To offset this, some refineries today have taken major steps to reduce water usage at their facilities, which has
reduced wastewater flow rate, thereby allowing more time in API separators for heavier oil particles to separate.
However, designs of units installed many years ago should be reviewed to ensure adequate protection of
downstream treatment equipment.
Oil Emulsions
One of the biggest problems facing existing API separators in petroleum refineries is the presence of oil emulsions
in the wastewater. API separators are gravity separation devices, typically designed to remove free oil particles
larger than 150 micron in size. Anything that increases the amount, or percentage, of sub-150 micron oil particles
(which includes formation of oil emulsions) can significantly impact the efficiency of API separators. Two common
operational issues can impact the size of oil particles, or cause oil emulsions desalter brine water and spent
caustic.
Desalter Brine Water
Many refinery desalters were originally designed to process lighter crude oils. As these lighter crude oil slates
become scarce, more refineries are processing heavier crude oils. This has resulted, in many cases, in poorer
separation of water from oil in the desalter and formation of oil emulsions. In many petroleum refineries, the
desalter brine water now contains significant amounts of oil and oil emulsions, which can quickly overwhelm API
separators (and other oil/water separation equipment) in wastewater treatment plants.
In these cases, it may be worthwhile to provide a dedicated oil/water separation step for just the desalter brine
water to break any oil emulsions and remove the majority of free oil before the brine water is sent to sewer. This

can prevent overloading the wastewater treatment plant API separators with oil and consequently affecting
downstream treatment processes.
Spent Caustic
Spent caustic, while not an issue for everyone, has presented problems in the past, particularly when it is sent to
sewer systems in front of oil/water separators.
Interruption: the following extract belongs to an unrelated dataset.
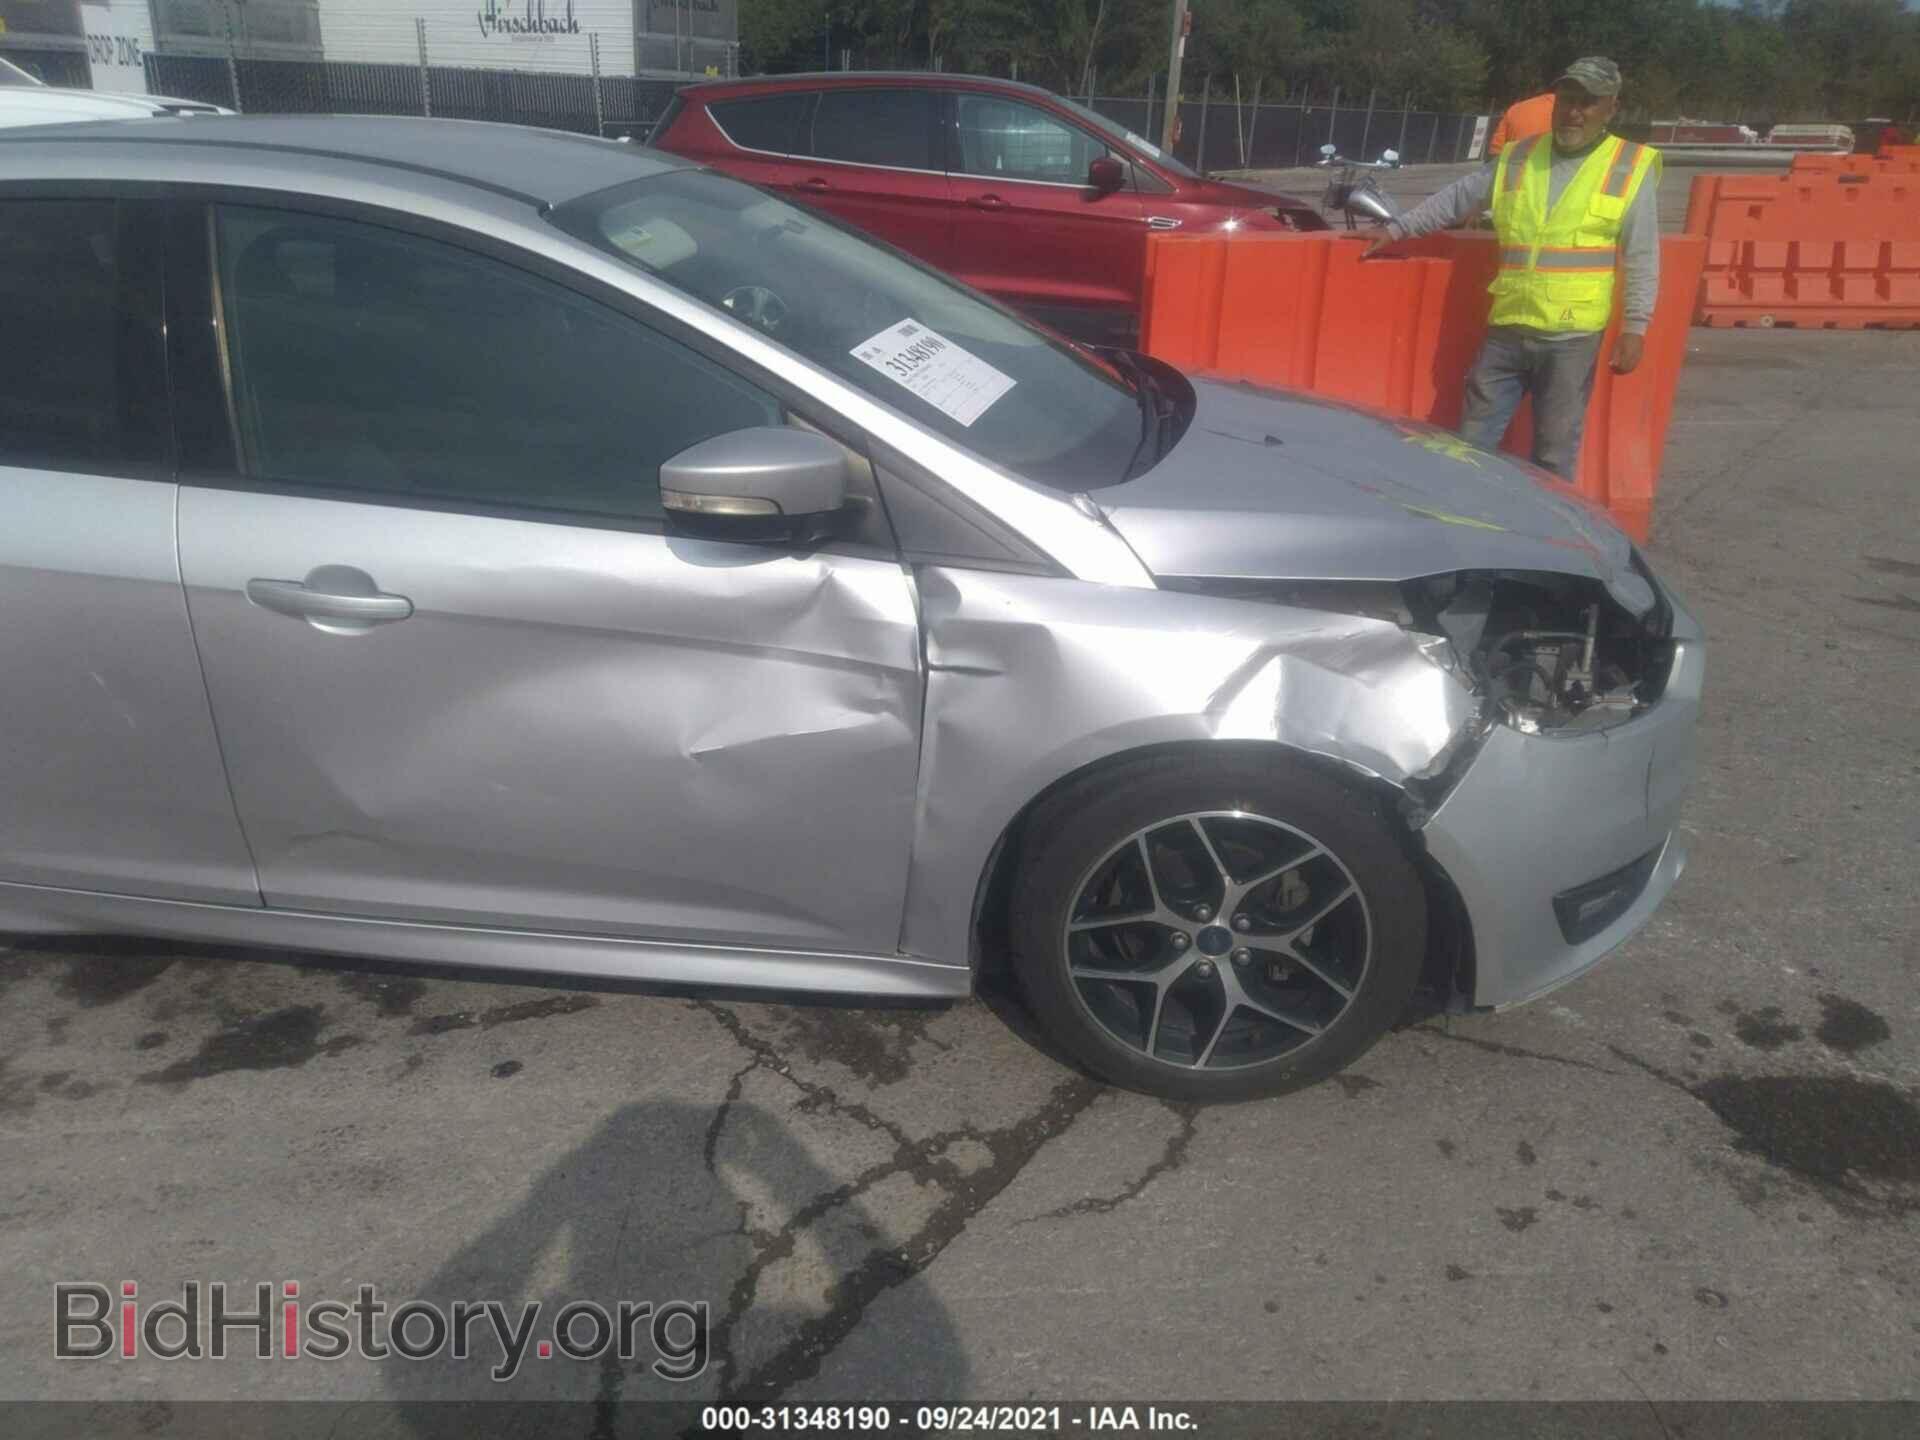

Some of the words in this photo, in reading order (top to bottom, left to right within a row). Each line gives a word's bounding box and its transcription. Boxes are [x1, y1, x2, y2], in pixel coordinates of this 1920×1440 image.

Spent caustic can raise the pH of the wastewater, causing
emulsification of oil in the wastewater especially when there is turbulence present, such as by pumping. In order to
avoid these situations, spent caustic should be added to the wastewater downstream of oil/water separation
equipment or should be disposed of by some other method such as separate on-site treatment or off-site disposal.

Summary
The separator is one of the most important wastewater treatment steps in refineries and petrochemical plants.
Proper design and selection of support equipment are crucial to proper operation, and special plant circumstances
can affect operation as well.
We hope this article provides a good starting point for improving existing API separator operation, as well as
making sure that new API separators will meet performance expectations.